Methods A total of 18 patients who received TCZ for inadequately controlled RA (CDAI >10) were analyzed as a training cohort. RNA was extracted from PBMCs before the first administration of TCZ and was analyzed for comprehensive gene expression using Human Whole Genome 4×44K format. Clinical response was assessed over six months using CDAI category improvement and physician’s global assessment.

Results At six months of TCZ treatment, responders and non-responders were identified with two different measures (13 responders and three non-responders for CDAI category improvement; 14 responders and three non-responders for physician’s global assessment). For each response measure, 20 probes were extracted which demonstrated lowest t-test P values for difference in normalized signals between responders and non-responders and also demonstrated >1.5 fold difference between responders and non-responders. 19 common probes between these two response measures were identified, all of which represented a distinctive gene.
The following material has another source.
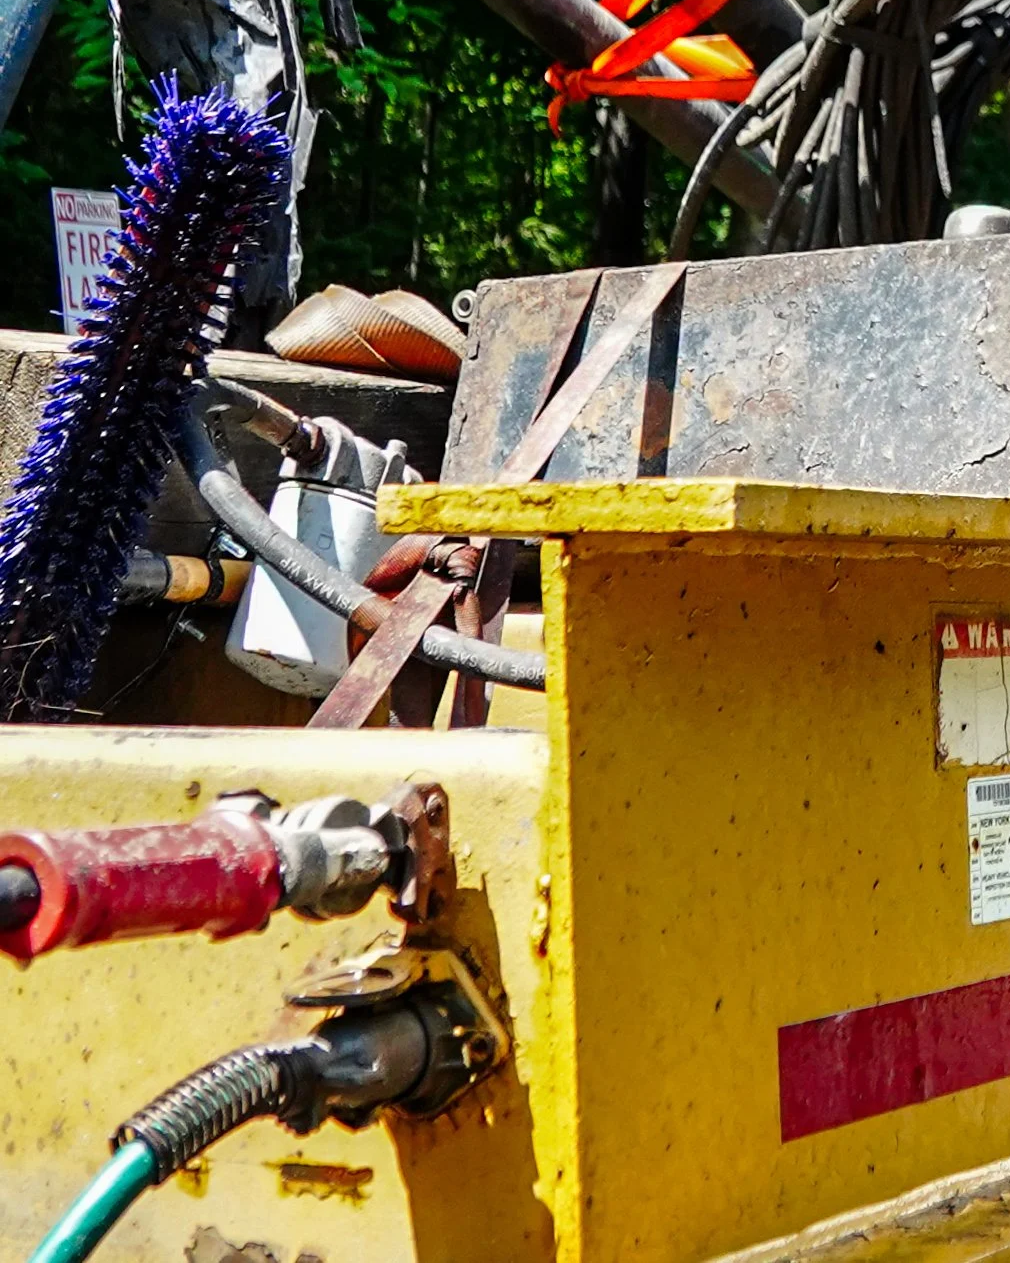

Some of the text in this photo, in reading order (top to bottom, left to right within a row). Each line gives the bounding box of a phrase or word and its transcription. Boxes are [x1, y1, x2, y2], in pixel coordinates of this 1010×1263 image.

Clustering analysis of these genes in the training cohort showed a characteristic pattern for non-responders (figure). A prediction model using these genes with a cut-off signal for each probe completely discriminated non-responders from responders in the training cohort.

Figure 1. Expression patterns and clustering of 19 selective genes.

Conclusions Comprehensive gene expression analysis of PBMCs provided a promising result in developing methods to predict clinical response to TCZ therapy for RA.